Saved entries:
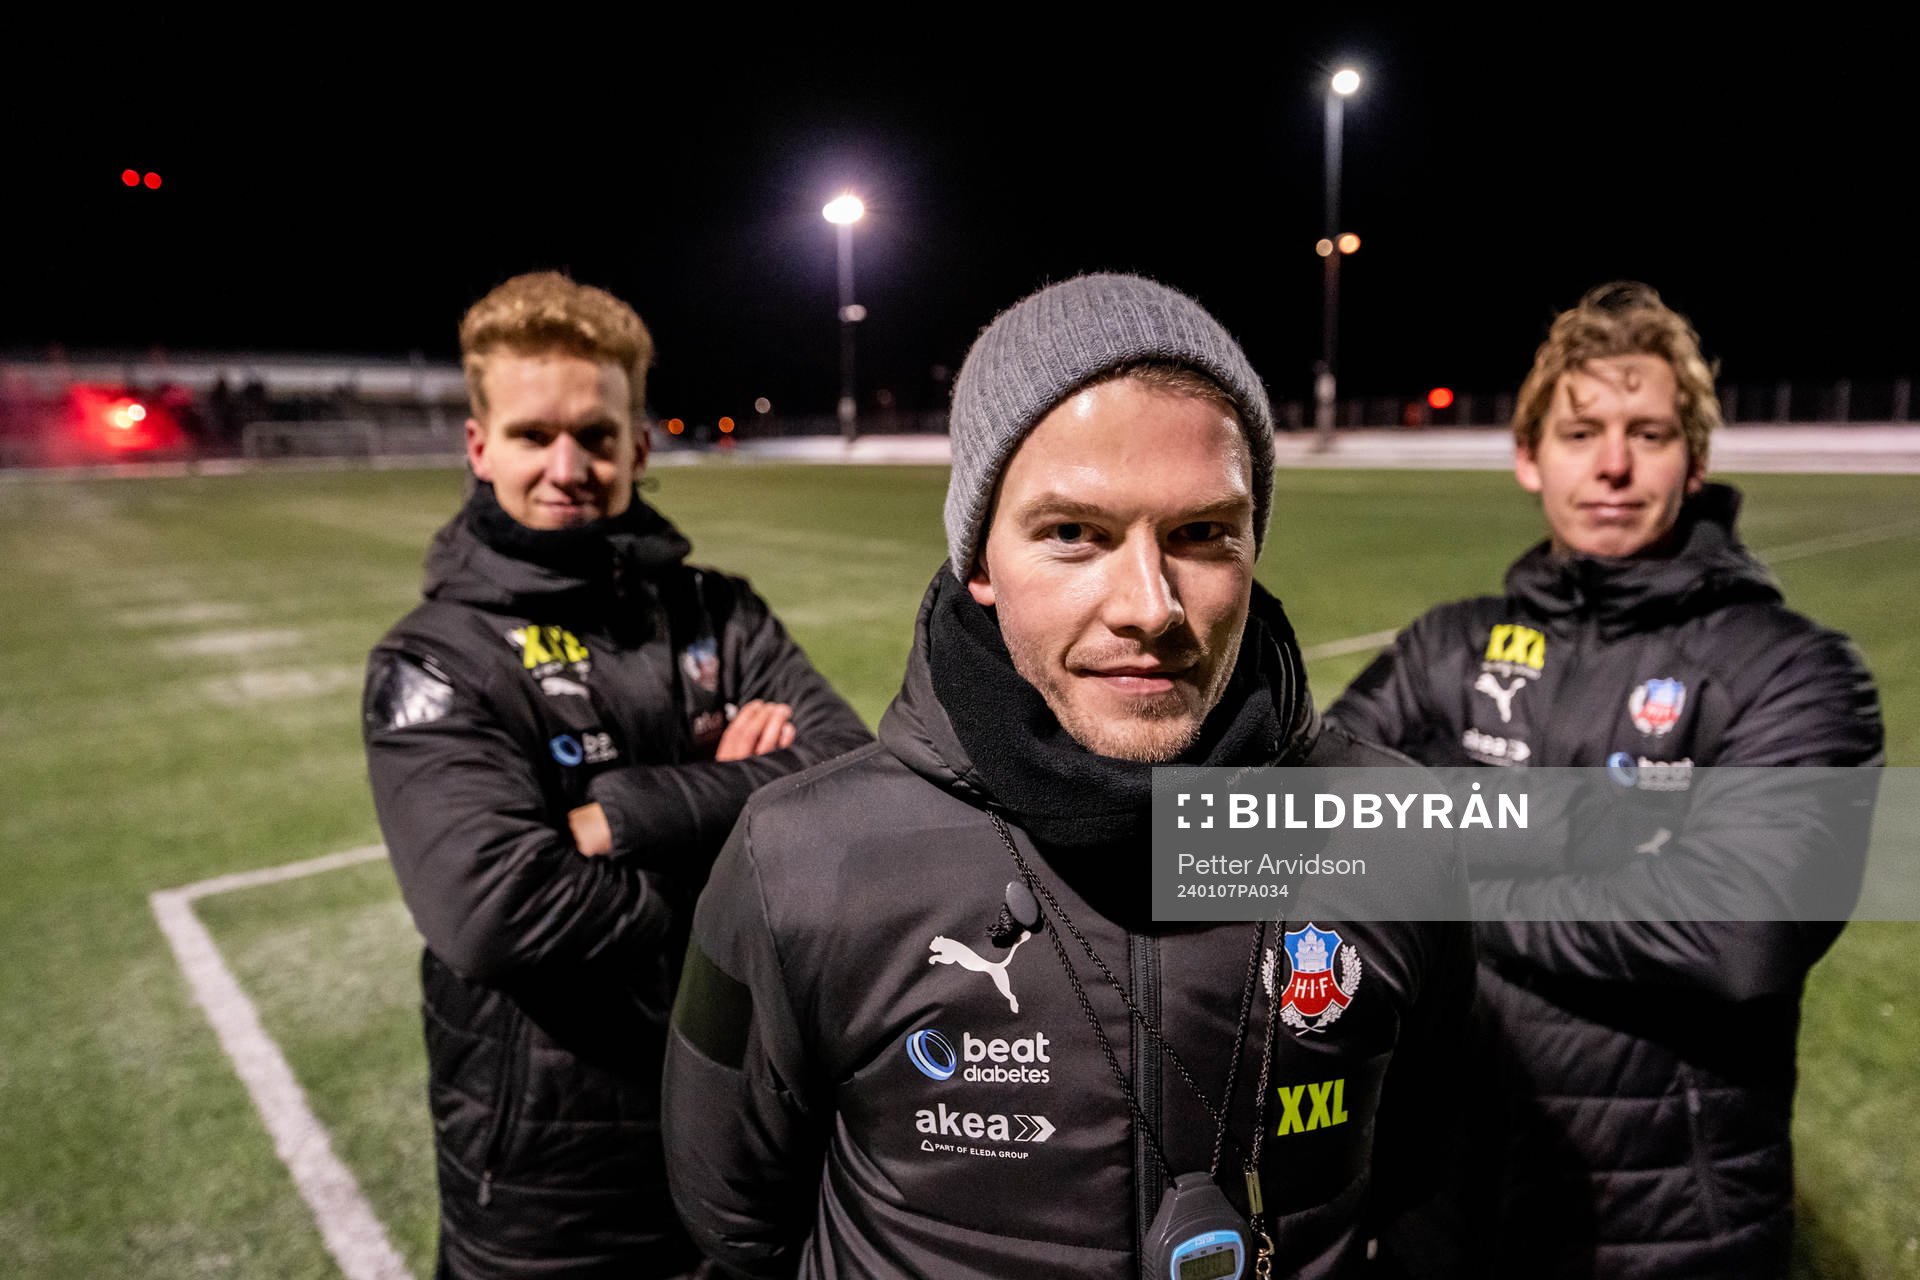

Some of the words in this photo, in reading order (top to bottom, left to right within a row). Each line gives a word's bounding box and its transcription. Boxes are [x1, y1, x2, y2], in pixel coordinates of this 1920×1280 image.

[1485, 624, 1546, 670] XXL
[963, 1031, 1050, 1063] beat
[915, 1103, 1010, 1141] akea
[1277, 1078, 1348, 1136] XXL
[934, 1143, 954, 1152] PART
[956, 1146, 967, 1154] OF
[970, 1148, 996, 1158] ELEDA
[999, 1150, 1029, 1160] GROUP

> [WHAT TO PRODUCE]: Send back every line above exactly, skipping all pictures.

> [EXERCISE OUTPUT]:
Some of the words in this photo, in reading order (top to bottom, left to right within a row). Each line gives a word's bounding box and its transcription. Boxes are [x1, y1, x2, y2], in pixel coordinates of this 1920×1280 image.

[1485, 624, 1546, 670] XXL
[963, 1031, 1050, 1063] beat
[915, 1103, 1010, 1141] akea
[1277, 1078, 1348, 1136] XXL
[934, 1143, 954, 1152] PART
[956, 1146, 967, 1154] OF
[970, 1148, 996, 1158] ELEDA
[999, 1150, 1029, 1160] GROUP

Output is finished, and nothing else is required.